Embora muito se fale sobre o alto índice de desemprego que assola o Brasil, pouco se discute sobre setores superaquecidos que necessitam de profissionais, como o de tecnologia. A disputa por talentos em um mercado altamente competitivo faz com que as empresas tenham que buscar diversos mecanismos para atrair candidatos qualificados.

Em um mercado em que altos salários, incentivos de longo prazo e trabalho flexível são o mínimo esperado, o bônus de contratação se apresenta como um diferencial: afinal, por que o profissional deixaria na mesa direitos quase certos por algo incerto?

O bônus de contratação visa, justamente, compensar o profissional pela perda de potenciais direitos devido ao pedido de demissão para aceitar o novo emprego, como a perda de ações sujeitas a períodos de carência ou de incentivos de curto prazo.

A inexistência de previsão legal sobre o tema, entretanto, pode gerar questionamentos em relação às incidências trabalhistas e previdenciárias sobre esse tipo de pagamento e deve ser um ponto de atenção das empresas que desejam implementá-lo.

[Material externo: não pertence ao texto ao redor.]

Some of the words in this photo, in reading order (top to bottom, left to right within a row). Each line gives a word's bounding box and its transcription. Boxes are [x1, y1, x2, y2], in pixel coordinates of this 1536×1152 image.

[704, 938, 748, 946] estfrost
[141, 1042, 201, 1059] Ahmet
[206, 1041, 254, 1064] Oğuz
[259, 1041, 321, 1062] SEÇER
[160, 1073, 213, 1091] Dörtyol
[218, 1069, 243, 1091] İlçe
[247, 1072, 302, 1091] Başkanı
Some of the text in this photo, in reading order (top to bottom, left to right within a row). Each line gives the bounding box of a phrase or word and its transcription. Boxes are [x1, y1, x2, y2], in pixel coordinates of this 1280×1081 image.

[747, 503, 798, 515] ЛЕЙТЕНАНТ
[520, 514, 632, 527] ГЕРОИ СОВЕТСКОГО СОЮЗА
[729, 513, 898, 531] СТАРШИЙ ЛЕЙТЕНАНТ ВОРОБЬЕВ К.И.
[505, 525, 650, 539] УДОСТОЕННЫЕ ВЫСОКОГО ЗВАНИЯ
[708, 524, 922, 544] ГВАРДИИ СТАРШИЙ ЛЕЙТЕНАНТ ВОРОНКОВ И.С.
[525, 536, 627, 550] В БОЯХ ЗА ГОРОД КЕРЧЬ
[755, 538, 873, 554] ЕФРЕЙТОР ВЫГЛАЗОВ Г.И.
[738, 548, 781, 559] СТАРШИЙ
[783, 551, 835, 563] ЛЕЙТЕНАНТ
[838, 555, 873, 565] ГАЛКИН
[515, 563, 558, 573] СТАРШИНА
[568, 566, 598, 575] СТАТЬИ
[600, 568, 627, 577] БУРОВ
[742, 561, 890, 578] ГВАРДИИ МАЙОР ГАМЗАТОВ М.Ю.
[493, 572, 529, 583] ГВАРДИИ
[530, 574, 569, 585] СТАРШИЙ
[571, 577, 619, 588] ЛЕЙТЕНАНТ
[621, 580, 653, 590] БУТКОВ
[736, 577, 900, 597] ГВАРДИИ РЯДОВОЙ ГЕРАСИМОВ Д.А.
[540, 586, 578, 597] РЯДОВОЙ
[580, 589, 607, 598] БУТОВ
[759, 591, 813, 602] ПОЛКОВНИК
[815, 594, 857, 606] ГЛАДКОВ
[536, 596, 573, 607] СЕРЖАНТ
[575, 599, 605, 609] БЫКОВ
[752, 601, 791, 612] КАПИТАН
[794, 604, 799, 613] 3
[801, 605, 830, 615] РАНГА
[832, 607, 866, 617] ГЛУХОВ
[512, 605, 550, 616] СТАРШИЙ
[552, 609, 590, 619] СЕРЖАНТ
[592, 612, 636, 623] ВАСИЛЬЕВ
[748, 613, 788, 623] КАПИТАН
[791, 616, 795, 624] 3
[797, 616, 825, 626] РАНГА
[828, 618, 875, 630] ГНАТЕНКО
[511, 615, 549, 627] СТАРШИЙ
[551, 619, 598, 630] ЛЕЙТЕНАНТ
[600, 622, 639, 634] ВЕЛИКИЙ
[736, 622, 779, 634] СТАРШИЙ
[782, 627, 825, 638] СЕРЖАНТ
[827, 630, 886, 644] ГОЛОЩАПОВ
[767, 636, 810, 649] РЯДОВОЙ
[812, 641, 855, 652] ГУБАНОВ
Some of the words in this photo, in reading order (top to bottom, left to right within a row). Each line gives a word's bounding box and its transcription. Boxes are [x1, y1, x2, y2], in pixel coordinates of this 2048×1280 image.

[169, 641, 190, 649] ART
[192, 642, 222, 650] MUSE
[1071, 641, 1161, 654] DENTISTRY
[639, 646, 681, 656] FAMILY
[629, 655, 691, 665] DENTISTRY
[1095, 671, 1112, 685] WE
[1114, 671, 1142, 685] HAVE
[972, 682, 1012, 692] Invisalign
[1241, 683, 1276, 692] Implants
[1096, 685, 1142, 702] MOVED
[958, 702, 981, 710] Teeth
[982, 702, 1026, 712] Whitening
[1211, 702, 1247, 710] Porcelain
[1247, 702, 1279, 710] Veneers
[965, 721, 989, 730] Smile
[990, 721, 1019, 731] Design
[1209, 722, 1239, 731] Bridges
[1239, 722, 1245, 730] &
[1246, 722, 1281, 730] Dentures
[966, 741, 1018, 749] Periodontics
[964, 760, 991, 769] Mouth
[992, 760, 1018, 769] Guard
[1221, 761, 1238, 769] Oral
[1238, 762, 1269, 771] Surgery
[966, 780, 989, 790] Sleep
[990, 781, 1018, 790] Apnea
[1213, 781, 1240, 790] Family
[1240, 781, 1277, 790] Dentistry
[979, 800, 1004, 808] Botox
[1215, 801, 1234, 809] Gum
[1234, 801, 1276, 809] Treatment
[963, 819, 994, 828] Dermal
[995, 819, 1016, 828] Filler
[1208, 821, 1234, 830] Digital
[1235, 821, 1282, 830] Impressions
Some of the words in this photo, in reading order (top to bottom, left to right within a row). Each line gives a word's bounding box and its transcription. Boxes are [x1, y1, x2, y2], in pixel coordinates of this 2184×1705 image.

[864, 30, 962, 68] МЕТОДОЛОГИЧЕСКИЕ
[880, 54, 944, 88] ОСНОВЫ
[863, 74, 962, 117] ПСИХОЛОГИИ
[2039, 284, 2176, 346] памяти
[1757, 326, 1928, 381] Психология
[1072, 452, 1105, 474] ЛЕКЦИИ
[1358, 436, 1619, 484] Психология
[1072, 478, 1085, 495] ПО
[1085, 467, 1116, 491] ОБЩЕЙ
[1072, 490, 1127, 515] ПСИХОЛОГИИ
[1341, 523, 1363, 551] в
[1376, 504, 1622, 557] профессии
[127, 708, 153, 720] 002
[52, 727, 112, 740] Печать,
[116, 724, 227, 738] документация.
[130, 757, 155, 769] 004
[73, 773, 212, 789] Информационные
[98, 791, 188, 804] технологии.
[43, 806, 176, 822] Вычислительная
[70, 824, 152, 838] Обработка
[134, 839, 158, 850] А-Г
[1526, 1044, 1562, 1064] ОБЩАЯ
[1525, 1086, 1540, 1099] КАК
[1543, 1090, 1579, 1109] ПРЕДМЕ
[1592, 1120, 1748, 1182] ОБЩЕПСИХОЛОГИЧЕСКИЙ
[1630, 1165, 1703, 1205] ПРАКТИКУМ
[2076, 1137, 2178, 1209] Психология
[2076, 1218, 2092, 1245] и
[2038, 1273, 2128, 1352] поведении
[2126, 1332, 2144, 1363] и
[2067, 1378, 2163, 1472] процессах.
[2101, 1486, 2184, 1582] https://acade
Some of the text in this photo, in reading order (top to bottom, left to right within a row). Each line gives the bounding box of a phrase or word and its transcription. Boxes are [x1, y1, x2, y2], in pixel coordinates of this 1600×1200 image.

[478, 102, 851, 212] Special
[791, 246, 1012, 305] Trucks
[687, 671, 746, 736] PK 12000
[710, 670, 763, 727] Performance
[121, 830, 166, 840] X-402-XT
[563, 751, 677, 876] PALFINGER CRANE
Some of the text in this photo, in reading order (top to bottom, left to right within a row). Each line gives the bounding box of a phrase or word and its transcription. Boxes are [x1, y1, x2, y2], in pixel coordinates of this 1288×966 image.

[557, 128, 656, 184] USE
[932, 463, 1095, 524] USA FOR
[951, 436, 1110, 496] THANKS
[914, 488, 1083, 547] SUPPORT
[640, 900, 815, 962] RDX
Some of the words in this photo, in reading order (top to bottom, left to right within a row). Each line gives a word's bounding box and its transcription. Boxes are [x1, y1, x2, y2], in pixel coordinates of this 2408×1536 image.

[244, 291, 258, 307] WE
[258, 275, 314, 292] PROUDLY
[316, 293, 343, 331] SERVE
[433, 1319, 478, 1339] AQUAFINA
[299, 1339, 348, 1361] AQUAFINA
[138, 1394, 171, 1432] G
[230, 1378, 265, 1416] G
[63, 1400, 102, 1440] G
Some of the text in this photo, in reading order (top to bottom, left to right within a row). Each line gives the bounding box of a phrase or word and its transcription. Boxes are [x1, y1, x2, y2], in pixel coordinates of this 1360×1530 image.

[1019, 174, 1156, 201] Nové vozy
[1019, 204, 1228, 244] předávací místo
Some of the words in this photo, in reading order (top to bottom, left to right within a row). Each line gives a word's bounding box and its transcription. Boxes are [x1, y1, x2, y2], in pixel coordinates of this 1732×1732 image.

O nosso Departamento Tributário já analisou o tema do ponto de vista previdenciário neste artigo. Mas, e do ponto de vista trabalhista – o bônus de contratação está sujeito à incidência de encargos e reflexos trabalhistas?

A jurisprudência da Justiça do Trabalho entende que os valores pagos a título de bônus de contratação deveriam servir de base de incidência para encargos trabalhistas (no caso, o FGTS) devido a sua natureza remuneratória, visto que a verba é paga em decorrência da prestação de serviços pactuada e representa acréscimo patrimonial para o empregado.

Por outro lado, conforme decisões recentes da Justiça do Trabalho, incluindo decisões do Tribunal Superior do Trabalho, por se tratar de parcela paga uma única vez, os valores pagos a título de bônus de contratação deveriam se limitar a servir de base para o FGTS, e não para o pagamento de reflexos trabalhistas (13º salário, férias + 1/3 etc.).

As empresas, entretanto, devem ter cautela ao estruturar o pagamento do bônus de contratação para que a sua natureza jurídica não seja caracterizada como um bônus de retenção, tanto para fins trabalhistas quanto para fins previdenciários. Essa situação pode ocorrer, por exemplo, ao condicionar o pagamento (ou manutenção dos valores) à permanência mínima do empregado na empresa ou a outro requisito além da contratação do empregado.

É preciso, portanto, atenção, pois, dependendo da forma como pagamento o bônus de contratação é estruturado contratualmente pela empresa, ele pode estar sujeito a diferentes encargos trabalhistas e previdenciários.